_Action item_. Transcribe only the last portion of the material: exactly the lines from the one with "Some of the text" through the end, inclusive.

_Data excerpts_.

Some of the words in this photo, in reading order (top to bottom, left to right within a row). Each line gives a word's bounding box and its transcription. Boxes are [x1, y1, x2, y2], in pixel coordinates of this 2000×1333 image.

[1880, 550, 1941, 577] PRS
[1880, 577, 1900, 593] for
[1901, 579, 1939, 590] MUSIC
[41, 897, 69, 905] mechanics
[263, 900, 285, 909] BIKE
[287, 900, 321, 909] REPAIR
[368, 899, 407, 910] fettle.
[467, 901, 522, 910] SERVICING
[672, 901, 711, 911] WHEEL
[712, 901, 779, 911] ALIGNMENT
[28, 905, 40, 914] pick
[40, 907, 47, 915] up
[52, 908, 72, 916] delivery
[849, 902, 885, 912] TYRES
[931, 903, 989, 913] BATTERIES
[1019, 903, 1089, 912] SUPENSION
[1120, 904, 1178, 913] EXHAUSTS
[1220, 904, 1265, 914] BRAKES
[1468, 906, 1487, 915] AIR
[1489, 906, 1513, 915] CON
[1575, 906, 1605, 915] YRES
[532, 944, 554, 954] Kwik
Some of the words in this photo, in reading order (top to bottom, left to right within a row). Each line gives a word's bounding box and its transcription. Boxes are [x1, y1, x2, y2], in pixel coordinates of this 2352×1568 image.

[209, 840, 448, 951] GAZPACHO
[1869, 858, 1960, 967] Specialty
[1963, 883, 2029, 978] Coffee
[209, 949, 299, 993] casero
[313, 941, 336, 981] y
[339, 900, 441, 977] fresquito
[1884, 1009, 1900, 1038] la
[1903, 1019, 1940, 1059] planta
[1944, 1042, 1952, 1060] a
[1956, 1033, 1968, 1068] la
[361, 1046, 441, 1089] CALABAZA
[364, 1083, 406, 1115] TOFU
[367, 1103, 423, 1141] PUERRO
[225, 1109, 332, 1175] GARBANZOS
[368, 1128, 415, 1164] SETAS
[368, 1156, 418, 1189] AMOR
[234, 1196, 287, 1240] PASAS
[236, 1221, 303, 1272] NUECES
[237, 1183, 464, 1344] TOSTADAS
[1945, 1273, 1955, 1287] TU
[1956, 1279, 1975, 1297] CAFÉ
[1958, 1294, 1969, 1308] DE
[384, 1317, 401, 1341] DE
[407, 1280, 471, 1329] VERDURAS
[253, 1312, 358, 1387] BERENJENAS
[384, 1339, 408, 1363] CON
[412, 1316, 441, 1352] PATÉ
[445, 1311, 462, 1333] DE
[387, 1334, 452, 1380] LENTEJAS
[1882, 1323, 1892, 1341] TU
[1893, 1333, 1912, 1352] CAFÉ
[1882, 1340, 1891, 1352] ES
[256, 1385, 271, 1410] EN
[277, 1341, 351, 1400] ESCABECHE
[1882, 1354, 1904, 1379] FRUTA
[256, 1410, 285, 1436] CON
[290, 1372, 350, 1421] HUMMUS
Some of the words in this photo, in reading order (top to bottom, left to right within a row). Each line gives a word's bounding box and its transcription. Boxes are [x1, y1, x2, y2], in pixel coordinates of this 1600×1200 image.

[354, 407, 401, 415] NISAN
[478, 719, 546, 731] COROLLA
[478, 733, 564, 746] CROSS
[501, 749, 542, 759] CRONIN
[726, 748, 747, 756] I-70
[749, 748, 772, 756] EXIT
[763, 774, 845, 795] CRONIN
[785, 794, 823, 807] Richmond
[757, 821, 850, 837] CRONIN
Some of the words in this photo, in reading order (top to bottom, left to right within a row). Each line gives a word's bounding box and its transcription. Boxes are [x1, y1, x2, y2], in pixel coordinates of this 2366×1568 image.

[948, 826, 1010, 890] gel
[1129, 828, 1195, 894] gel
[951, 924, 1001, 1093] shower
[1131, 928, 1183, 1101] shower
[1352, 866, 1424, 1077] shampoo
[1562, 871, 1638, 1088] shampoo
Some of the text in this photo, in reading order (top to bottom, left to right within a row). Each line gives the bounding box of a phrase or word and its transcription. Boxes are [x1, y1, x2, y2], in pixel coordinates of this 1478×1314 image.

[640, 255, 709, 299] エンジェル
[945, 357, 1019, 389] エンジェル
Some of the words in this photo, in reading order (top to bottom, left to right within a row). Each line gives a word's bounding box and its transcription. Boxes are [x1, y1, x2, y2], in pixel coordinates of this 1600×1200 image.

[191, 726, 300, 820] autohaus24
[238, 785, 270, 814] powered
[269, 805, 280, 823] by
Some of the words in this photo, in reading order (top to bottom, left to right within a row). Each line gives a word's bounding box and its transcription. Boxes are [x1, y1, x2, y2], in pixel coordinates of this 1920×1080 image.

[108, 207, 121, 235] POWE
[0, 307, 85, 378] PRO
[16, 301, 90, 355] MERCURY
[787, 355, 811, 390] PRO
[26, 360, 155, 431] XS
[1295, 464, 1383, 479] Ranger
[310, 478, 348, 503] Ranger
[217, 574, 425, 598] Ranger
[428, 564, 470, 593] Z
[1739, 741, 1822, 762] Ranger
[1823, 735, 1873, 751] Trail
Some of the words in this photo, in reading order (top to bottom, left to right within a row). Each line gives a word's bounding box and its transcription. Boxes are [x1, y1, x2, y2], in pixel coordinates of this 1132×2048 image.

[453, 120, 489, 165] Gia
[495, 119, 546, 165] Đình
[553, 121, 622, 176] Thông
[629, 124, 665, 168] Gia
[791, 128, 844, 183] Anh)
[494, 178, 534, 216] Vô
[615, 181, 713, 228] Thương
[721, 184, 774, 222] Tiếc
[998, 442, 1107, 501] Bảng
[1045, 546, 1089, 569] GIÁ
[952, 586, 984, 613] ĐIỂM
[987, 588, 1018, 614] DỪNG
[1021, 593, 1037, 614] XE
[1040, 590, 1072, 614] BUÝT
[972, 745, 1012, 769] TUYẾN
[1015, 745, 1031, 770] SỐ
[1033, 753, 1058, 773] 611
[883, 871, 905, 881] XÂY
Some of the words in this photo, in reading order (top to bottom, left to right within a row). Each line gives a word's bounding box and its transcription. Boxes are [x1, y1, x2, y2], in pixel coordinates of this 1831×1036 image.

_Output of the exercise_.
Some of the text in this photo, in reading order (top to bottom, left to right within a row). Each line gives the bounding box of a phrase or word and its transcription. Boxes are [x1, y1, x2, y2], in pixel coordinates of this 1478×1314 image.

[640, 255, 709, 299] エンジェル
[945, 357, 1019, 389] エンジェル
Some of the words in this photo, in reading order (top to bottom, left to right within a row). Each line gives a word's bounding box and its transcription. Boxes are [x1, y1, x2, y2], in pixel coordinates of this 1600×1200 image.

[191, 726, 300, 820] autohaus24
[238, 785, 270, 814] powered
[269, 805, 280, 823] by
Some of the words in this photo, in reading order (top to bottom, left to right within a row). Each line gives a word's bounding box and its transcription. Boxes are [x1, y1, x2, y2], in pixel coordinates of this 1920×1080 image.

[108, 207, 121, 235] POWE
[0, 307, 85, 378] PRO
[16, 301, 90, 355] MERCURY
[787, 355, 811, 390] PRO
[26, 360, 155, 431] XS
[1295, 464, 1383, 479] Ranger
[310, 478, 348, 503] Ranger
[217, 574, 425, 598] Ranger
[428, 564, 470, 593] Z
[1739, 741, 1822, 762] Ranger
[1823, 735, 1873, 751] Trail
Some of the words in this photo, in reading order (top to bottom, left to right within a row). Each line gives a word's bounding box and its transcription. Boxes are [x1, y1, x2, y2], in pixel coordinates of this 1132×2048 image.

[453, 120, 489, 165] Gia
[495, 119, 546, 165] Đình
[553, 121, 622, 176] Thông
[629, 124, 665, 168] Gia
[791, 128, 844, 183] Anh)
[494, 178, 534, 216] Vô
[615, 181, 713, 228] Thương
[721, 184, 774, 222] Tiếc
[998, 442, 1107, 501] Bảng
[1045, 546, 1089, 569] GIÁ
[952, 586, 984, 613] ĐIỂM
[987, 588, 1018, 614] DỪNG
[1021, 593, 1037, 614] XE
[1040, 590, 1072, 614] BUÝT
[972, 745, 1012, 769] TUYẾN
[1015, 745, 1031, 770] SỐ
[1033, 753, 1058, 773] 611
[883, 871, 905, 881] XÂY
Some of the words in this photo, in reading order (top to bottom, left to right within a row). Each line gives a word's bounding box and its transcription. Boxes are [x1, y1, x2, y2], in pixel coordinates of this 1831×1036 image.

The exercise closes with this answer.